(Saved data entries)
#####
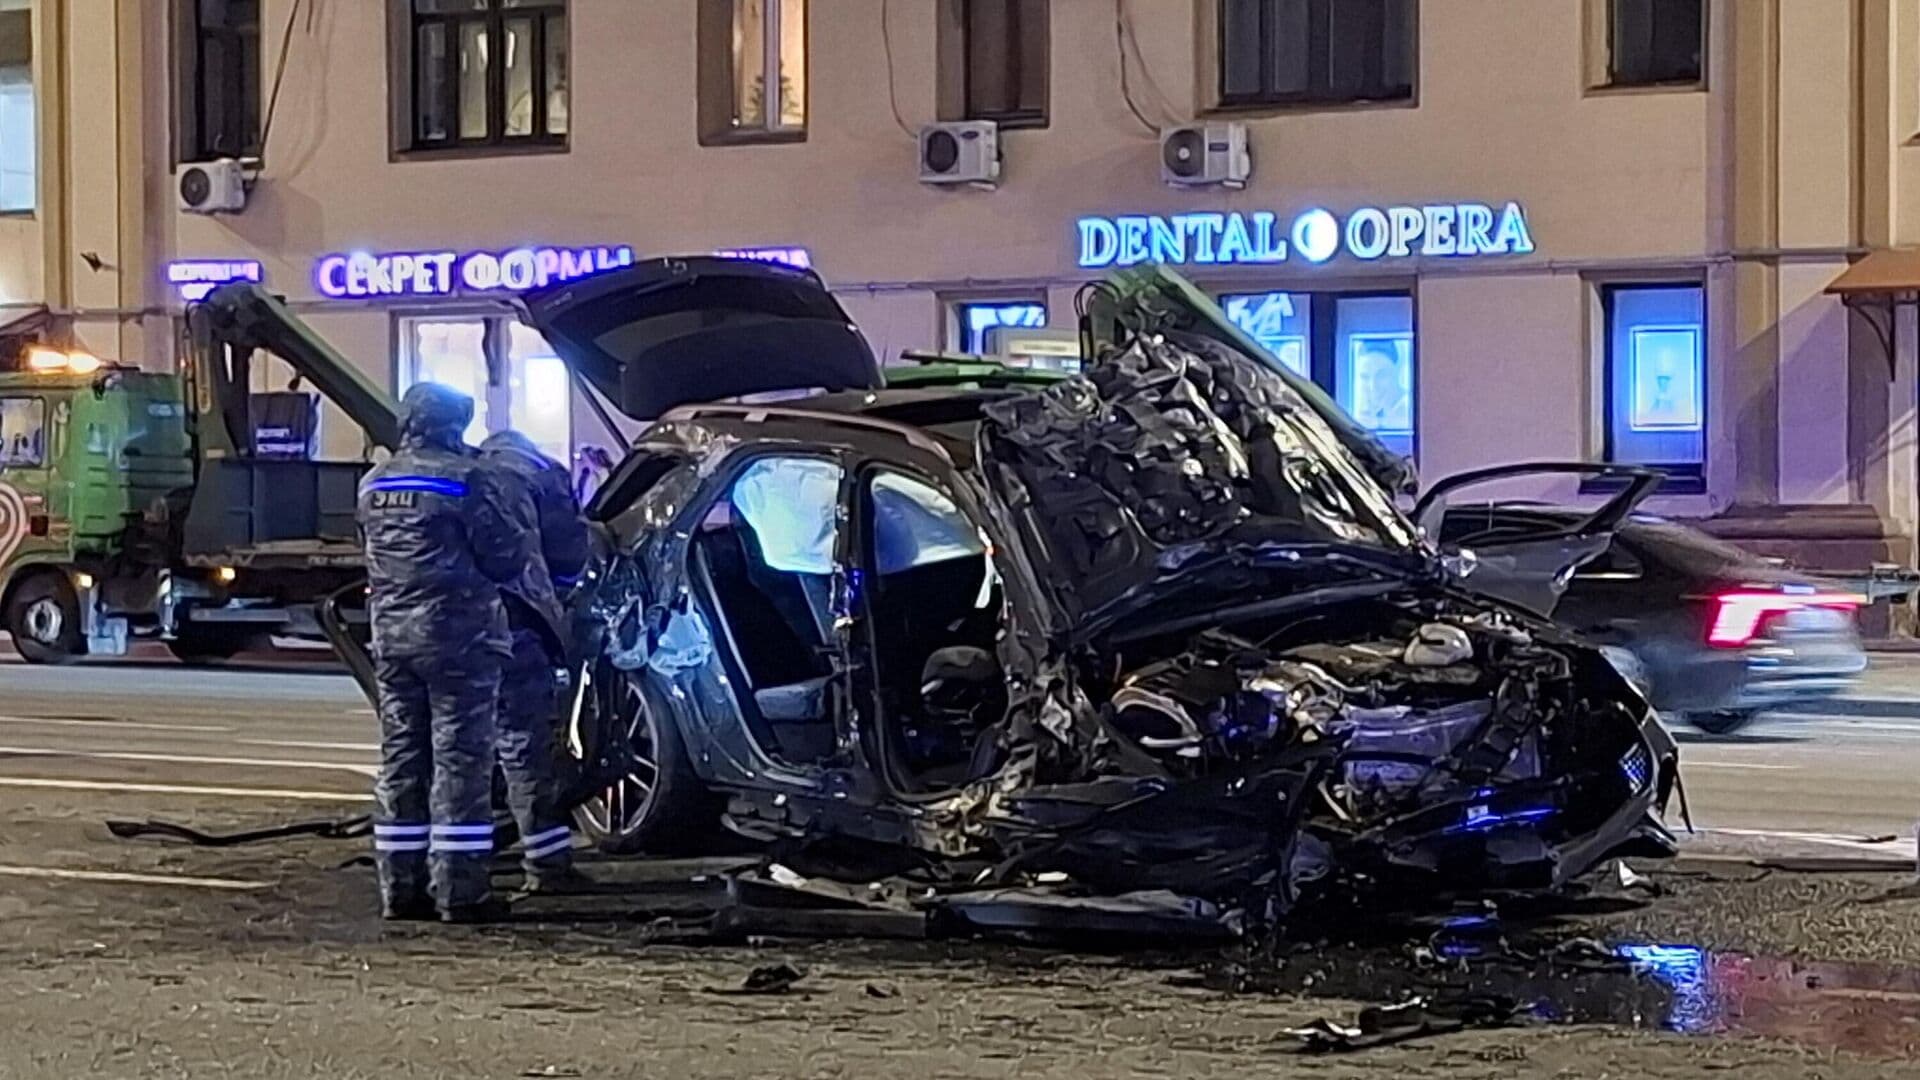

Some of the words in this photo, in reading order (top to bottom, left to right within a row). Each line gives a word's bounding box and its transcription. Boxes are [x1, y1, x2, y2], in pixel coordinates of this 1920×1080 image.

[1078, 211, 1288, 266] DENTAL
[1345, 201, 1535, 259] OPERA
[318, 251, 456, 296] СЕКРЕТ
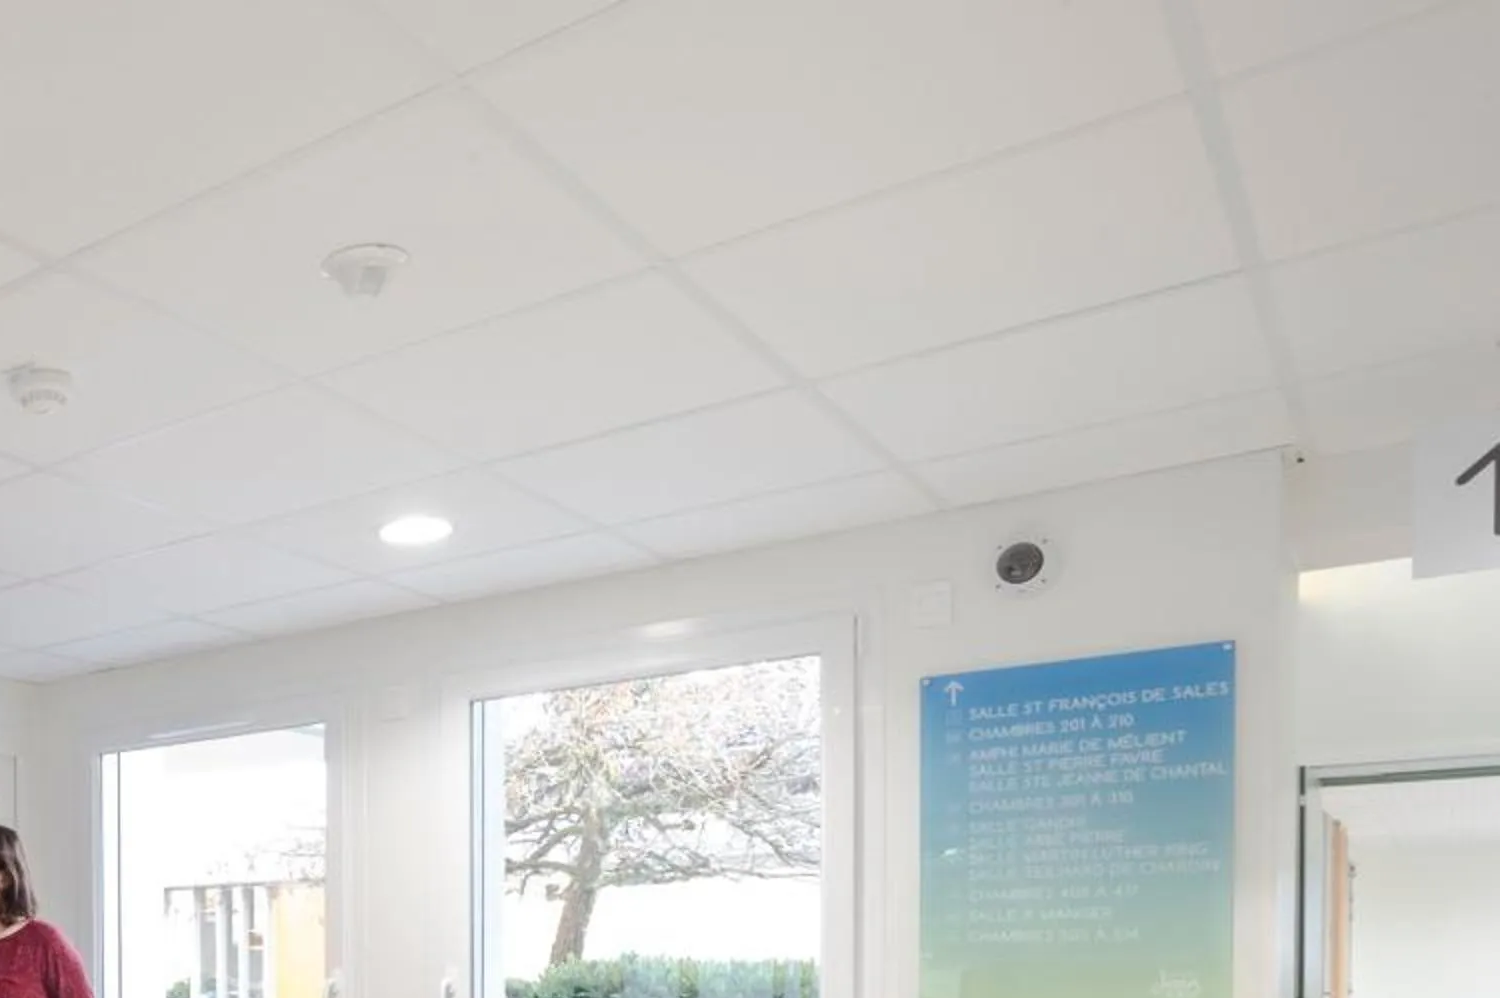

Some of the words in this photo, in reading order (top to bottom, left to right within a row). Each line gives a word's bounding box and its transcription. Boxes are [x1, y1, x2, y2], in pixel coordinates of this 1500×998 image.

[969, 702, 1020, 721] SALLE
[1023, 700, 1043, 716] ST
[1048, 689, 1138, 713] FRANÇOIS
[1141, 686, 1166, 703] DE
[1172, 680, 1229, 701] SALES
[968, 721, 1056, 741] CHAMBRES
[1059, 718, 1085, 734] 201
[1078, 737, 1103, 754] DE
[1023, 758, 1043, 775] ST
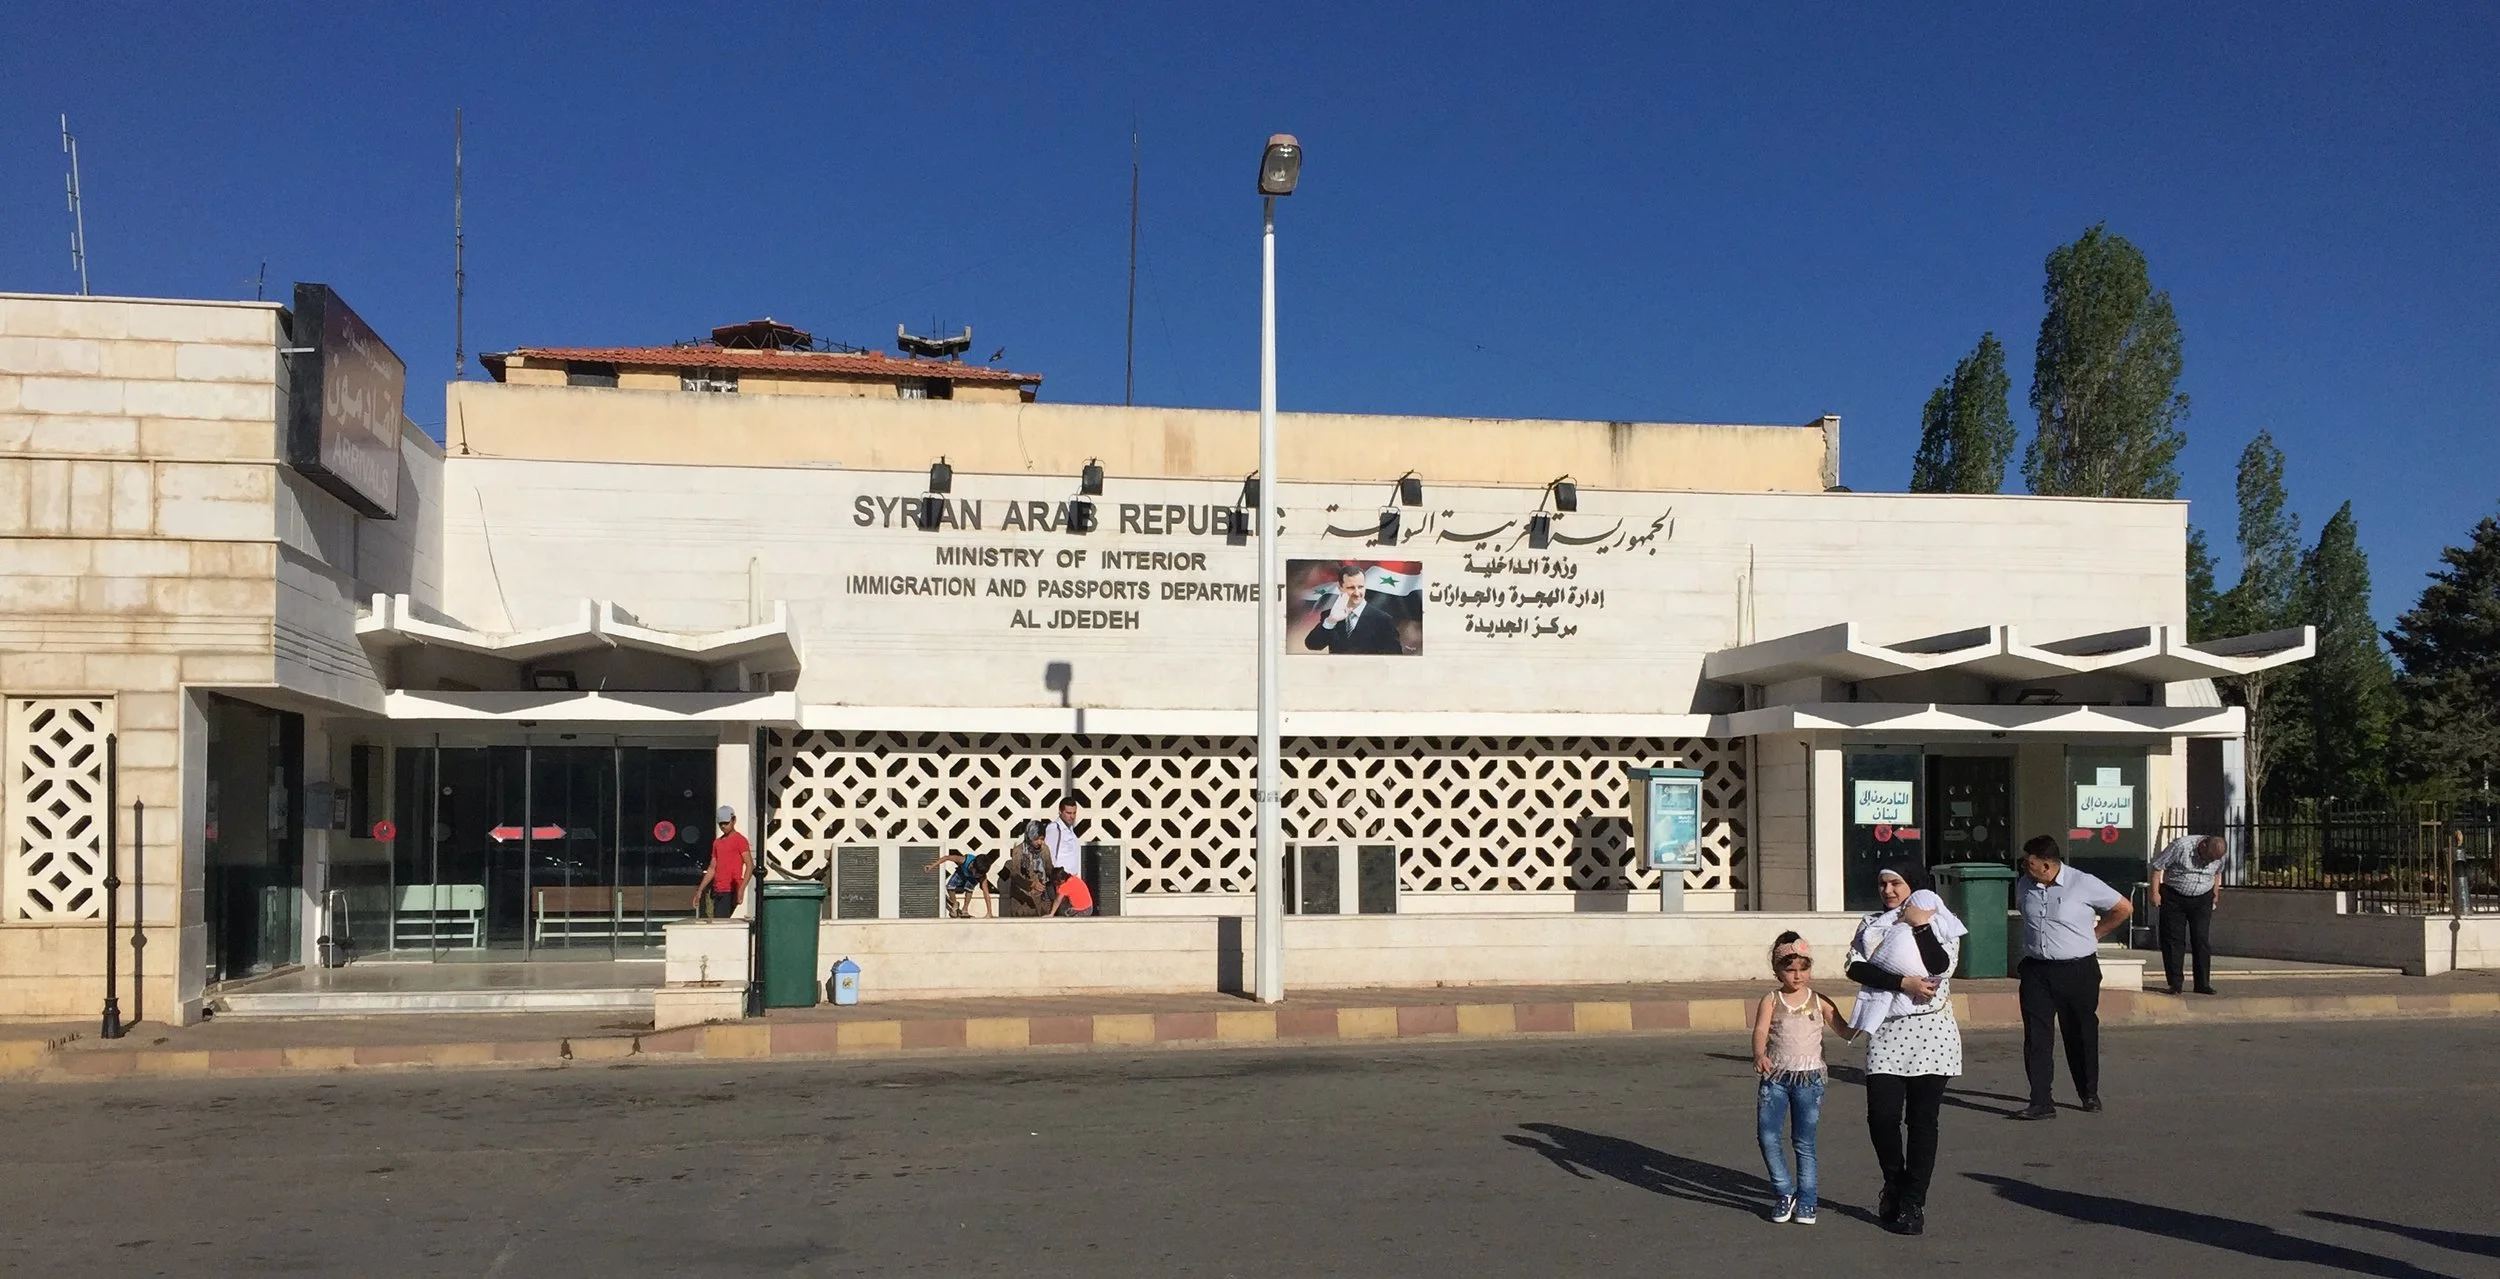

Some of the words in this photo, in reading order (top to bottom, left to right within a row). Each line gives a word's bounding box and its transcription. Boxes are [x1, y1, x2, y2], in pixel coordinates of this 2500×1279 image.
#####
**WHAT YOU NEED TO DO:** Your reply must match the data above line for line, except that it holds no pictures.

**EXERCISE SOLUTION:**
Some of the words in this photo, in reading order (top to bottom, left to right within a row). Each line gives a word's bounding box and its transcription. Boxes are [x1, y1, x2, y2], in pixel coordinates of this 1920×1080 image.

[1078, 211, 1288, 266] DENTAL
[1345, 201, 1535, 259] OPERA
[318, 251, 456, 296] СЕКРЕТ

Some of the words in this photo, in reading order (top to bottom, left to right within a row). Each line gives a word's bounding box and its transcription. Boxes are [x1, y1, x2, y2], in pixel coordinates of this 1500×998 image.

[969, 702, 1020, 721] SALLE
[1023, 700, 1043, 716] ST
[1048, 689, 1138, 713] FRANÇOIS
[1141, 686, 1166, 703] DE
[1172, 680, 1229, 701] SALES
[968, 721, 1056, 741] CHAMBRES
[1059, 718, 1085, 734] 201
[1078, 737, 1103, 754] DE
[1023, 758, 1043, 775] ST

Some of the words in this photo, in reading order (top to bottom, left to right within a row). Each line gives a word's bounding box and its transcription. Boxes are [x1, y1, x2, y2], in pixel coordinates of this 2500×1279 image.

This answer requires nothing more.